ACTIVITY
Given the entries below, copy each of them out exactly.

EXERCISE MATERIAL
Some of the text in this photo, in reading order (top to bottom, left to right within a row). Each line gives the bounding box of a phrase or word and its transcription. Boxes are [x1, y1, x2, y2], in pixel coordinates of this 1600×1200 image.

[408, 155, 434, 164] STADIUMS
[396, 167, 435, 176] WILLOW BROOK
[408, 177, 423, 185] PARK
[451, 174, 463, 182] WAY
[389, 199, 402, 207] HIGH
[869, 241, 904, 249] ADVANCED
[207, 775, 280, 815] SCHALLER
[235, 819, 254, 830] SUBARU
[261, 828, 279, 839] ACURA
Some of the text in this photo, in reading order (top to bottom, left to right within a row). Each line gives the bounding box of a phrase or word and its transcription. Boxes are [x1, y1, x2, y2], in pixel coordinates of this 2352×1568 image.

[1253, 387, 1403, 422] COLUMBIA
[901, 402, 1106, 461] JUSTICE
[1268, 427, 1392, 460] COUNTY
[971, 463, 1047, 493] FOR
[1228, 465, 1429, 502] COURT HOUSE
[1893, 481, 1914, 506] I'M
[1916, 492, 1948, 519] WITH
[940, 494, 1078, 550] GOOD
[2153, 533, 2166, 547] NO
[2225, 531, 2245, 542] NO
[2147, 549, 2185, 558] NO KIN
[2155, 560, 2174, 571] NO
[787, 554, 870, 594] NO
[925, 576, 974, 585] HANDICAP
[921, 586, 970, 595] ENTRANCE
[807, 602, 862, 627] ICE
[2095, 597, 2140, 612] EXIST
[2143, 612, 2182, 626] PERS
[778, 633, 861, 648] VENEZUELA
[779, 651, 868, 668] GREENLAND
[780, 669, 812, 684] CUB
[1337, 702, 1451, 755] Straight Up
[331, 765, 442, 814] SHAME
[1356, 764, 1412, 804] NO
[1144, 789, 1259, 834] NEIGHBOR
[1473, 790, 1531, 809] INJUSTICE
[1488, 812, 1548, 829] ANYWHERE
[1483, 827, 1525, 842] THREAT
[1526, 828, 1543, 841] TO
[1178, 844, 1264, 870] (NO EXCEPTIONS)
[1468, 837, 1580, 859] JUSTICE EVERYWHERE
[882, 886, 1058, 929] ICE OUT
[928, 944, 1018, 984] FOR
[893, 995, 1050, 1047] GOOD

TASK ANSWER
Some of the text in this photo, in reading order (top to bottom, left to right within a row). Each line gives the bounding box of a phrase or word and its transcription. Boxes are [x1, y1, x2, y2], in pixel coordinates of this 1600×1200 image.

[408, 155, 434, 164] STADIUMS
[396, 167, 435, 176] WILLOW BROOK
[408, 177, 423, 185] PARK
[451, 174, 463, 182] WAY
[389, 199, 402, 207] HIGH
[869, 241, 904, 249] ADVANCED
[207, 775, 280, 815] SCHALLER
[235, 819, 254, 830] SUBARU
[261, 828, 279, 839] ACURA
Some of the text in this photo, in reading order (top to bottom, left to right within a row). Each line gives the bounding box of a phrase or word and its transcription. Boxes are [x1, y1, x2, y2], in pixel coordinates of this 2352×1568 image.

[1253, 387, 1403, 422] COLUMBIA
[901, 402, 1106, 461] JUSTICE
[1268, 427, 1392, 460] COUNTY
[971, 463, 1047, 493] FOR
[1228, 465, 1429, 502] COURT HOUSE
[1893, 481, 1914, 506] I'M
[1916, 492, 1948, 519] WITH
[940, 494, 1078, 550] GOOD
[2153, 533, 2166, 547] NO
[2225, 531, 2245, 542] NO
[2147, 549, 2185, 558] NO KIN
[2155, 560, 2174, 571] NO
[787, 554, 870, 594] NO
[925, 576, 974, 585] HANDICAP
[921, 586, 970, 595] ENTRANCE
[807, 602, 862, 627] ICE
[2095, 597, 2140, 612] EXIST
[2143, 612, 2182, 626] PERS
[778, 633, 861, 648] VENEZUELA
[779, 651, 868, 668] GREENLAND
[780, 669, 812, 684] CUB
[1337, 702, 1451, 755] Straight Up
[331, 765, 442, 814] SHAME
[1356, 764, 1412, 804] NO
[1144, 789, 1259, 834] NEIGHBOR
[1473, 790, 1531, 809] INJUSTICE
[1488, 812, 1548, 829] ANYWHERE
[1483, 827, 1525, 842] THREAT
[1526, 828, 1543, 841] TO
[1178, 844, 1264, 870] (NO EXCEPTIONS)
[1468, 837, 1580, 859] JUSTICE EVERYWHERE
[882, 886, 1058, 929] ICE OUT
[928, 944, 1018, 984] FOR
[893, 995, 1050, 1047] GOOD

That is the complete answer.